* _Task item_
Your task is to restate word for word the line containing "this 1717×1718 image." and each line that follows it in the listing, and only those.

---- Extracted records

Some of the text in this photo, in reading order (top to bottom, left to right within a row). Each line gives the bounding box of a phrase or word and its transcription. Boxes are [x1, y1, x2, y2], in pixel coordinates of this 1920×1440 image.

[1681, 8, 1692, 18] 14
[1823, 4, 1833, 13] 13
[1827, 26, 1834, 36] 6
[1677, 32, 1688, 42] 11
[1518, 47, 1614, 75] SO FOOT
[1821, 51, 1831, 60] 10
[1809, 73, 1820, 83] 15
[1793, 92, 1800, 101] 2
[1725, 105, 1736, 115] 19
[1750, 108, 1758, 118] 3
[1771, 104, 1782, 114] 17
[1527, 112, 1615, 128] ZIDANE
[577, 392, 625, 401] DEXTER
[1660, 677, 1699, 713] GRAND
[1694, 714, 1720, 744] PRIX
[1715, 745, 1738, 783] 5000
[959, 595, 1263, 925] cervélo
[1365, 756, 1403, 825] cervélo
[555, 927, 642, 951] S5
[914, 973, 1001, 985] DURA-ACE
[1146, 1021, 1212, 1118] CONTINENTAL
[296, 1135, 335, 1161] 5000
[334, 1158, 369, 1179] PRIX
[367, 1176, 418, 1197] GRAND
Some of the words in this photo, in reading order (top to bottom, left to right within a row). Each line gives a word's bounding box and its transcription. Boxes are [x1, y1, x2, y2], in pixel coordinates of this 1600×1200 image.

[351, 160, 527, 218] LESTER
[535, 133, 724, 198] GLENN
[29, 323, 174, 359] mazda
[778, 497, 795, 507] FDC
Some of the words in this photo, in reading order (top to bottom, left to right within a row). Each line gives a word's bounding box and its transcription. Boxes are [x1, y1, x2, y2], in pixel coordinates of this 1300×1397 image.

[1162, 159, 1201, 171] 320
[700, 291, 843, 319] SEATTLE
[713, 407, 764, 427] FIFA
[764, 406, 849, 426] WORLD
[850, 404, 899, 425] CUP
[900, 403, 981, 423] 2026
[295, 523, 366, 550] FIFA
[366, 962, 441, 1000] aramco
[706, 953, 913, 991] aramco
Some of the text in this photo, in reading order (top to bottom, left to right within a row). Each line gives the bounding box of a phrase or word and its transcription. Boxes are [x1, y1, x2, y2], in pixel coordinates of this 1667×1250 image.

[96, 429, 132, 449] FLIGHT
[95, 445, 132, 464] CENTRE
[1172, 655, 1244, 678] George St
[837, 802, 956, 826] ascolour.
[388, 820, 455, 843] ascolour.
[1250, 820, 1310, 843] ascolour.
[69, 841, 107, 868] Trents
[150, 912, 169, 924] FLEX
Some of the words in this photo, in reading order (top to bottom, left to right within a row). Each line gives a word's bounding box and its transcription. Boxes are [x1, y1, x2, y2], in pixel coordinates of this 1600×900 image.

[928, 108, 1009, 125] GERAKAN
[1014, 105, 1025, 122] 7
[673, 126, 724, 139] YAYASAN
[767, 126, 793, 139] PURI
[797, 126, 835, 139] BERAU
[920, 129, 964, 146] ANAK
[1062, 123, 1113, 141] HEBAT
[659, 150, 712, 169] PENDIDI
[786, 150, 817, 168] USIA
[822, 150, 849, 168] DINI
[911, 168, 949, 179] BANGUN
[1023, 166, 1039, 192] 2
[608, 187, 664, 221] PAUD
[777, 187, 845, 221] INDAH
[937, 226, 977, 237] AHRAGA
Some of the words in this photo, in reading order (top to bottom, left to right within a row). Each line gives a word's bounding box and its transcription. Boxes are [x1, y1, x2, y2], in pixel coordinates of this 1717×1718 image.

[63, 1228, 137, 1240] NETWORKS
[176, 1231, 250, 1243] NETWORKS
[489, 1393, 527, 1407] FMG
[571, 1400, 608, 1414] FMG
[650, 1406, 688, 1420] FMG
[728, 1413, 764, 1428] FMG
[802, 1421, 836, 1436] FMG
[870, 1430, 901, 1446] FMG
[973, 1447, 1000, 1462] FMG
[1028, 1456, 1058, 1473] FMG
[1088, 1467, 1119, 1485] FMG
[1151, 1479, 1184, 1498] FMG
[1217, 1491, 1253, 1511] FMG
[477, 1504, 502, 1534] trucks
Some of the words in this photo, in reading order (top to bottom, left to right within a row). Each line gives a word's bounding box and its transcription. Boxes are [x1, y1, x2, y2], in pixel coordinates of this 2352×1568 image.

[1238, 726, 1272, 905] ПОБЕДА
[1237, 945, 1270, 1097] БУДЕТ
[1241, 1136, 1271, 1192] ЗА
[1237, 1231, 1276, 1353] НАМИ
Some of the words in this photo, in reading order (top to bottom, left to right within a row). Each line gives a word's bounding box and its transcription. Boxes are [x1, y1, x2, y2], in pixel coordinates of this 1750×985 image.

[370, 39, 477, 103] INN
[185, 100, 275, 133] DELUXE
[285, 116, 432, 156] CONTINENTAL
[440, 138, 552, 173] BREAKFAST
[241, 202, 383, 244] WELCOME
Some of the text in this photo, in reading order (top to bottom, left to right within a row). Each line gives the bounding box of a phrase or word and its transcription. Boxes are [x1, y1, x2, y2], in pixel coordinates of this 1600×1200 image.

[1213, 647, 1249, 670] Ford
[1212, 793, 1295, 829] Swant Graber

--------

* _Output_
Some of the words in this photo, in reading order (top to bottom, left to right within a row). Each line gives a word's bounding box and its transcription. Boxes are [x1, y1, x2, y2], in pixel coordinates of this 1717×1718 image.

[63, 1228, 137, 1240] NETWORKS
[176, 1231, 250, 1243] NETWORKS
[489, 1393, 527, 1407] FMG
[571, 1400, 608, 1414] FMG
[650, 1406, 688, 1420] FMG
[728, 1413, 764, 1428] FMG
[802, 1421, 836, 1436] FMG
[870, 1430, 901, 1446] FMG
[973, 1447, 1000, 1462] FMG
[1028, 1456, 1058, 1473] FMG
[1088, 1467, 1119, 1485] FMG
[1151, 1479, 1184, 1498] FMG
[1217, 1491, 1253, 1511] FMG
[477, 1504, 502, 1534] trucks
Some of the words in this photo, in reading order (top to bottom, left to right within a row). Each line gives a word's bounding box and its transcription. Boxes are [x1, y1, x2, y2], in pixel coordinates of this 2352×1568 image.

[1238, 726, 1272, 905] ПОБЕДА
[1237, 945, 1270, 1097] БУДЕТ
[1241, 1136, 1271, 1192] ЗА
[1237, 1231, 1276, 1353] НАМИ
Some of the words in this photo, in reading order (top to bottom, left to right within a row). Each line gives a word's bounding box and its transcription. Boxes are [x1, y1, x2, y2], in pixel coordinates of this 1750×985 image.

[370, 39, 477, 103] INN
[185, 100, 275, 133] DELUXE
[285, 116, 432, 156] CONTINENTAL
[440, 138, 552, 173] BREAKFAST
[241, 202, 383, 244] WELCOME
Some of the text in this photo, in reading order (top to bottom, left to right within a row). Each line gives the bounding box of a phrase or word and its transcription. Boxes are [x1, y1, x2, y2], in pixel coordinates of this 1600×1200 image.

[1213, 647, 1249, 670] Ford
[1212, 793, 1295, 829] Swant Graber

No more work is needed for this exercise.